After a romantic interlude in Vienna, Bond’s pushed back into going after Pushkin by Saunders’ murder, but Bond’s no fool and quickly he and Pushkin team up to reveal what’s really going on. Koskov is in league with arms dealer Brad Whitaker. The pair plan to make millions using Russian money to buy drugs in Afghanistan. Unfortunately, Koskov convinces Kara that Bond’s a wrong’un and the two wind up prisoners in a Russian airbase in Afghanistan. Bond being Bond they don’t stay there long.

After a fortuitous meeting with the mujahedeen Bond plots to blow up the plane carrying the drugs, but has to change his plans when Koskov spots him. Cue a mujahedeen attack on the airbase and Bond and Kara are forced take off in a plane carrying a bomb, and to make matters worse, a Necros as well!

After one final mission to take out Whitaker Bond can finally relax with some classical music, well with a classical cellist at least.

I know I’m biased but even so, this is a great film.

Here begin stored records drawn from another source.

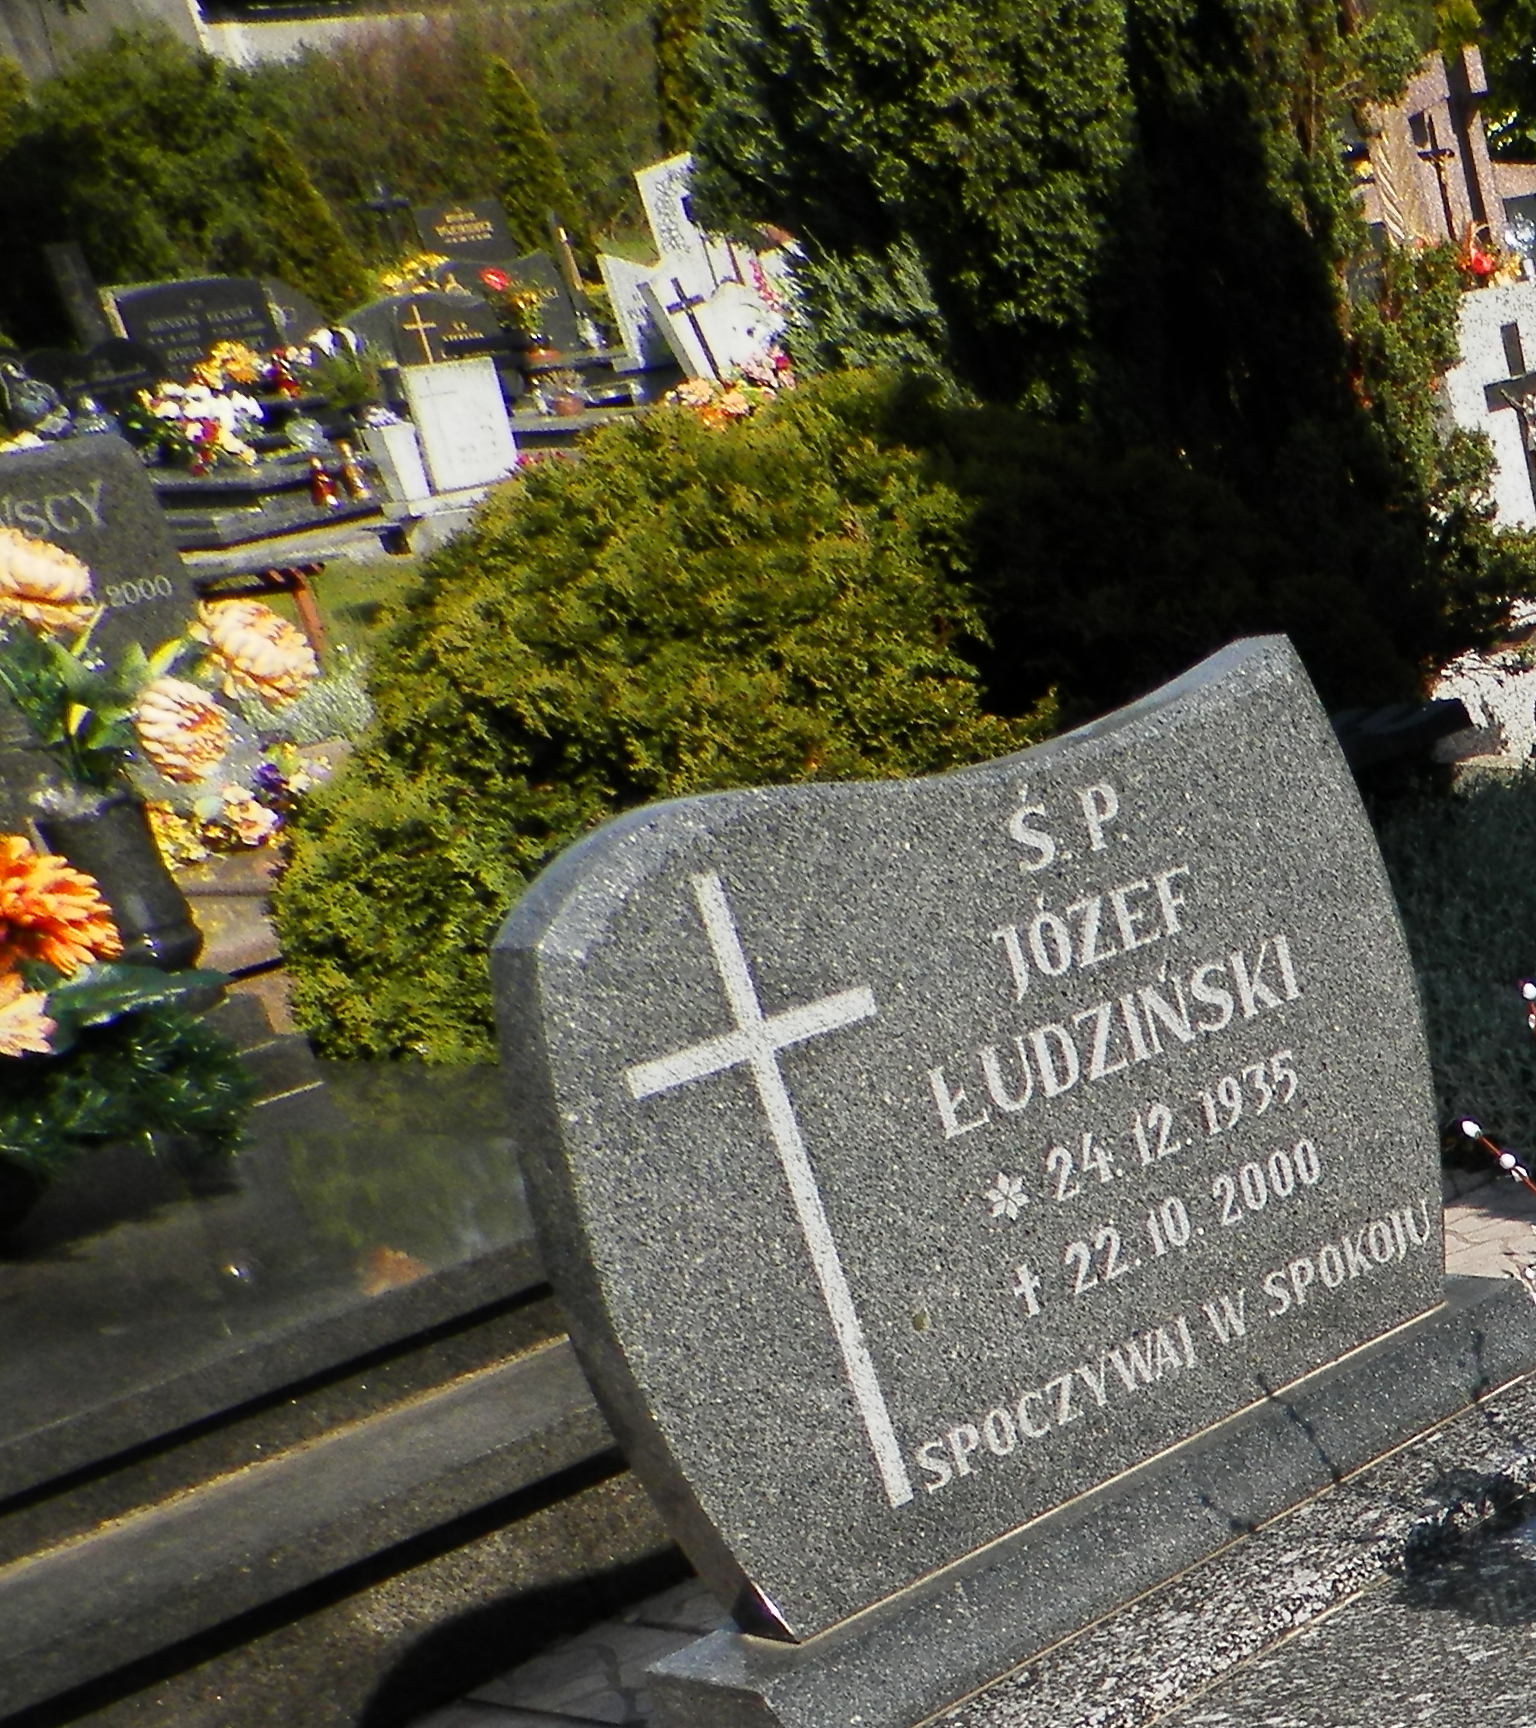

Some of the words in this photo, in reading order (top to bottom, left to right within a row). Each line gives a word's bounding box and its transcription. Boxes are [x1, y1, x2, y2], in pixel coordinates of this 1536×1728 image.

[992, 863, 1190, 1001] JÓZEF
[927, 933, 1302, 1140] ŁUDZIŃSKI
[915, 1314, 1197, 1494] SPOCZYWAJ
[1202, 1287, 1247, 1345] W
[1261, 1199, 1431, 1318] SPOKOJU
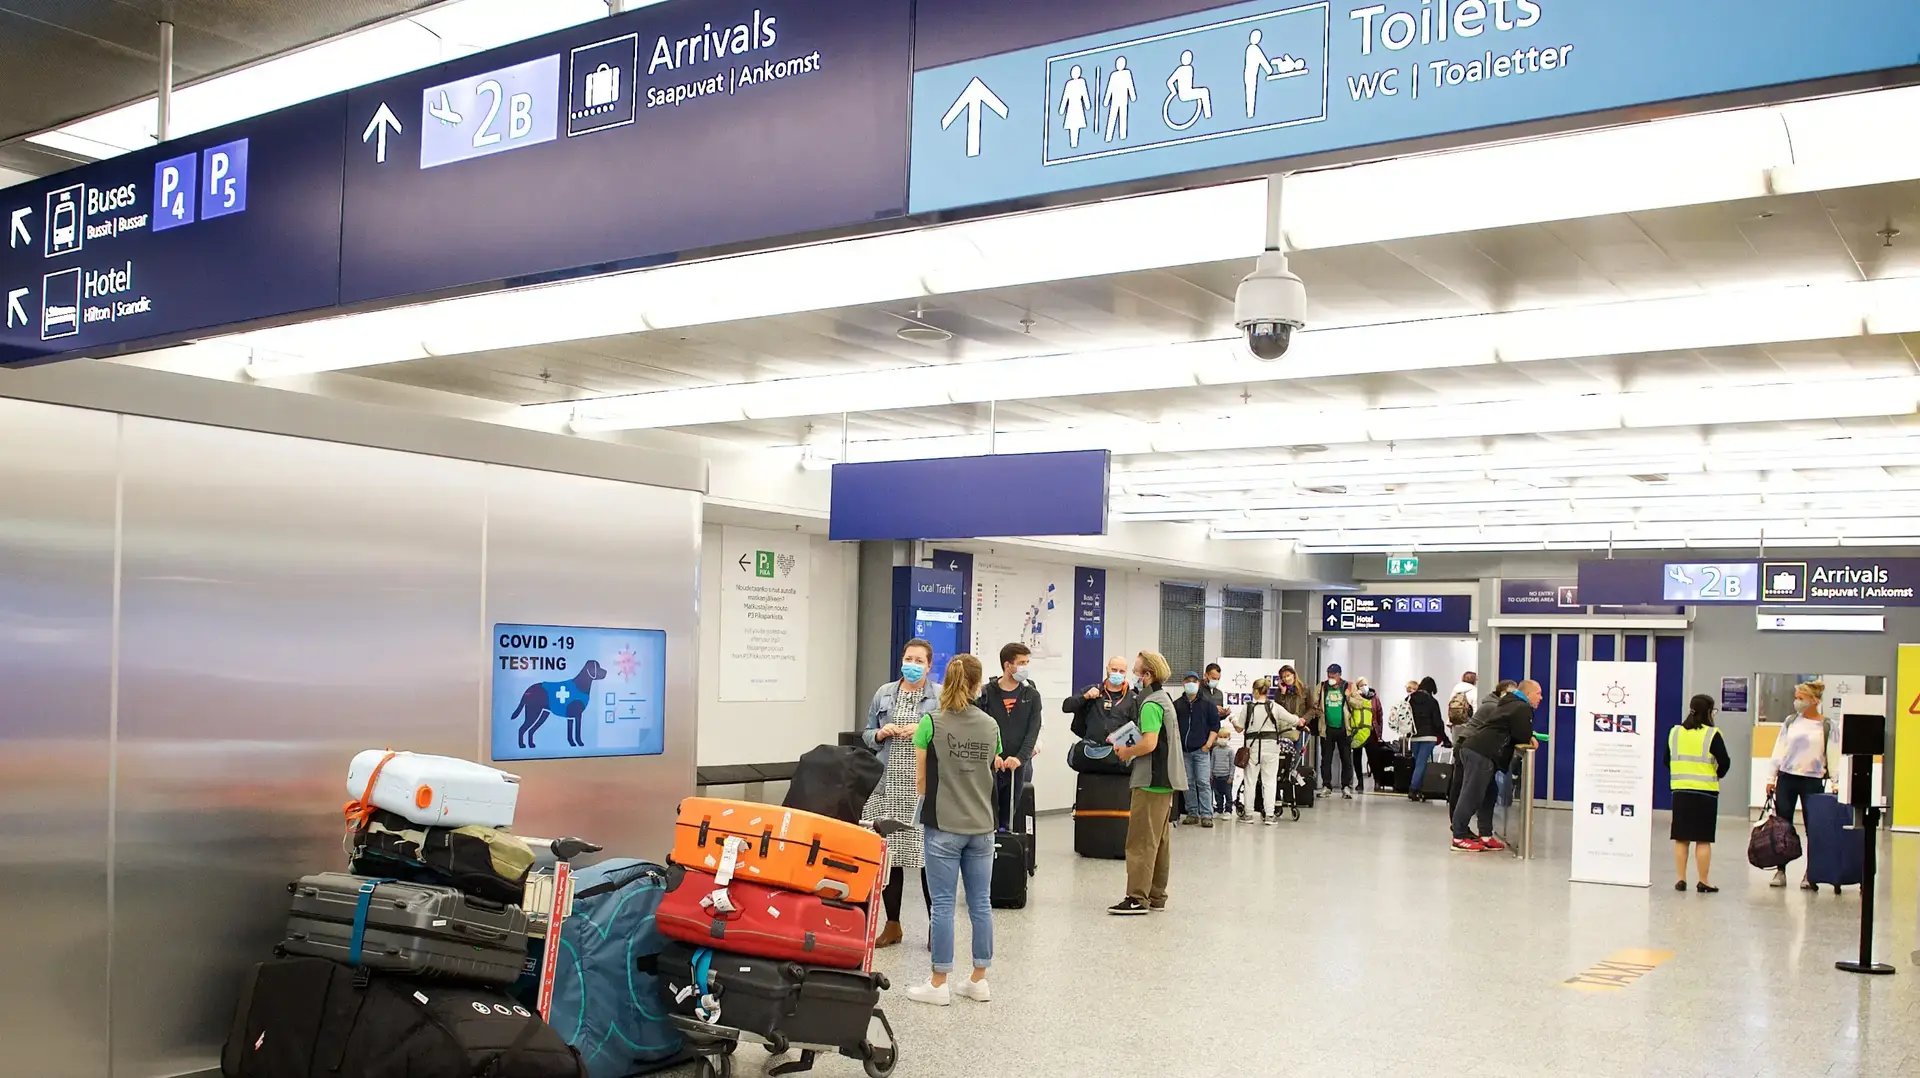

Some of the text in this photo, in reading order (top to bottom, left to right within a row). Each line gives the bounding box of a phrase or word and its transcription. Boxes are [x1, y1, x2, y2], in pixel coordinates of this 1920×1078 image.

Let’s talk Dalton. He has the piecing eyes of a killer (the whole scene in Pushkin’s hotel room is just fantastic; “If I believed Koskov we wouldn’t be talking” “You should have bought lilies”) the cold rage of a man you wouldn’t want to get on the wrong side of (check out his expression upon finding Saunders’ body!) and yet he has the looks of a matinee idol, and is perhaps the most convincing romantic lead of any Bond. His seduction of Kara isn’t remotely creepy, it feels genuine, feels like they could fall in love.


People will say he can’t do humour, but people are wrong. Just watch Hot Fuzz for further details. He isn’t Moore or Brosnan, but much like Craig he’s dryly humours given the right material. “Are you calling me a hose’s arse?”

Finally, there’s the physicality. I love Rog, always will, but Tim convinces in a fight in a way Roger rarely did, not even in the early days. Maybe at the time it was too radical a shift for some people, but for me Tim will always epitomise the character, closer to Fleming’s creation than anyone else, even Craig or Connery, and unlike Craig’s Bond, who hates what he does and gets depressed about it, Dalton hates what he does and covers this up by embracing the hedonism.

I fell a little in love with Maryam d’Abo back in 1987, and she’ll always be one of my favourite Bond girls. She isn’t a super spy or a scientist, isn’t that horrible phrase ‘Bond’s equal’ and yet I still think she’s a good Bond girl. Yes she’s manipulated by Koskov, and let’s be honest here, by James as well, but she still has agency, and I love the scene where she guilt trips the Mujahedeen into attacking the airbase by leading the charge. She isn’t superhuman, but she is believable. People are snarky about her flying ability, but for goodness sake she’s a cellist, and given she’s grown up behind the iron curtain she probably hasn’t seem a million Hollywood action films either! Give her a break.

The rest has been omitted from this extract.